→ GIVEN RECORDS
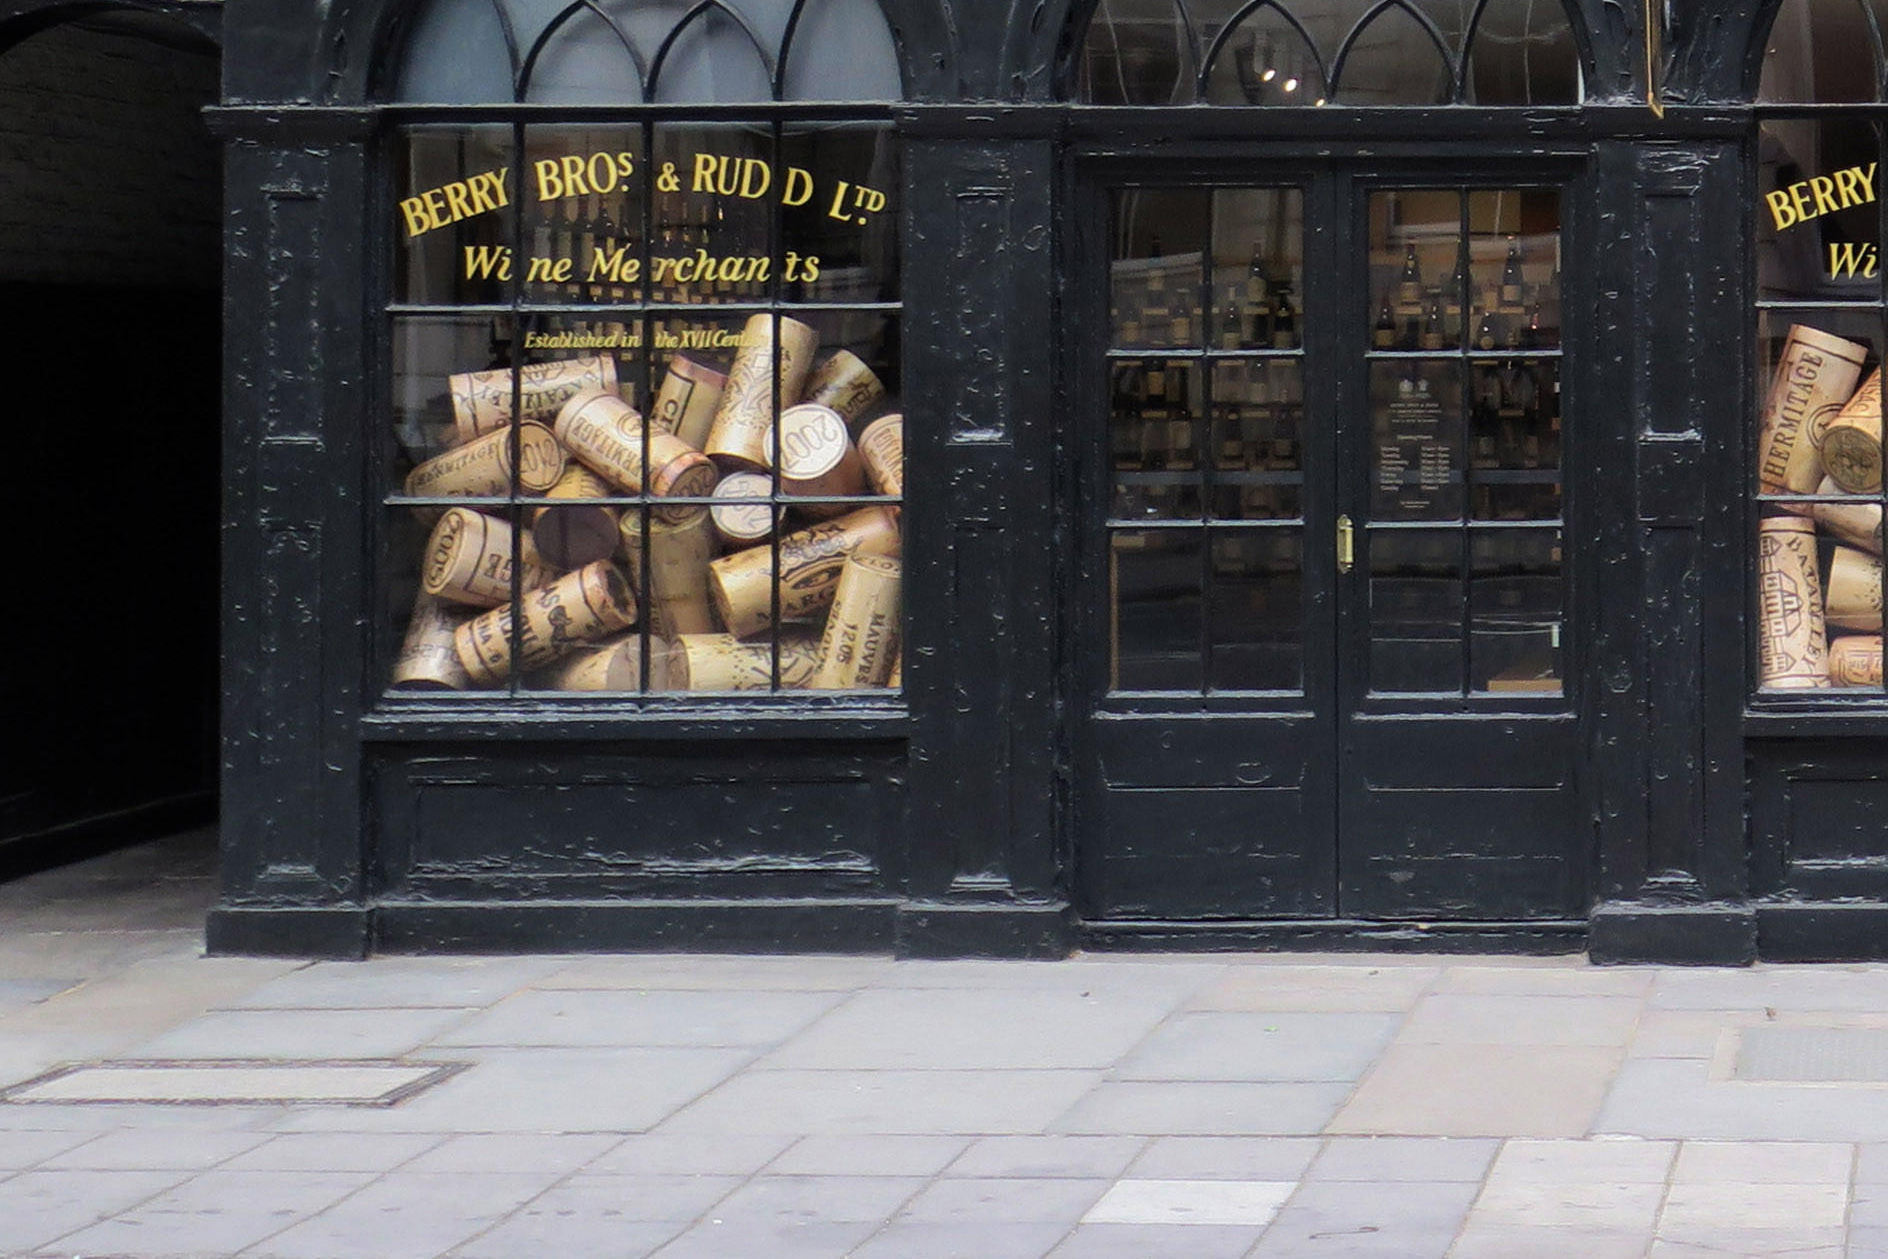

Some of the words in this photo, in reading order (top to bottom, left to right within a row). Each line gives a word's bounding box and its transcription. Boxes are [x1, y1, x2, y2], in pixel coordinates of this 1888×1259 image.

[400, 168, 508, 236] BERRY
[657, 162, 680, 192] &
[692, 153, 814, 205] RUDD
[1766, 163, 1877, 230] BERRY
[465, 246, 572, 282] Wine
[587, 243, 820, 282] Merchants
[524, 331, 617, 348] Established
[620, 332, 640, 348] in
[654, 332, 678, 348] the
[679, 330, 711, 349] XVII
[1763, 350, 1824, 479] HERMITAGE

→ PROBLEM STATEMENT
Reproduce the material word for word, but without its images.

→ EXPECTED ANSWER
Some of the words in this photo, in reading order (top to bottom, left to right within a row). Each line gives a word's bounding box and its transcription. Boxes are [x1, y1, x2, y2], in pixel coordinates of this 1888×1259 image.

[400, 168, 508, 236] BERRY
[657, 162, 680, 192] &
[692, 153, 814, 205] RUDD
[1766, 163, 1877, 230] BERRY
[465, 246, 572, 282] Wine
[587, 243, 820, 282] Merchants
[524, 331, 617, 348] Established
[620, 332, 640, 348] in
[654, 332, 678, 348] the
[679, 330, 711, 349] XVII
[1763, 350, 1824, 479] HERMITAGE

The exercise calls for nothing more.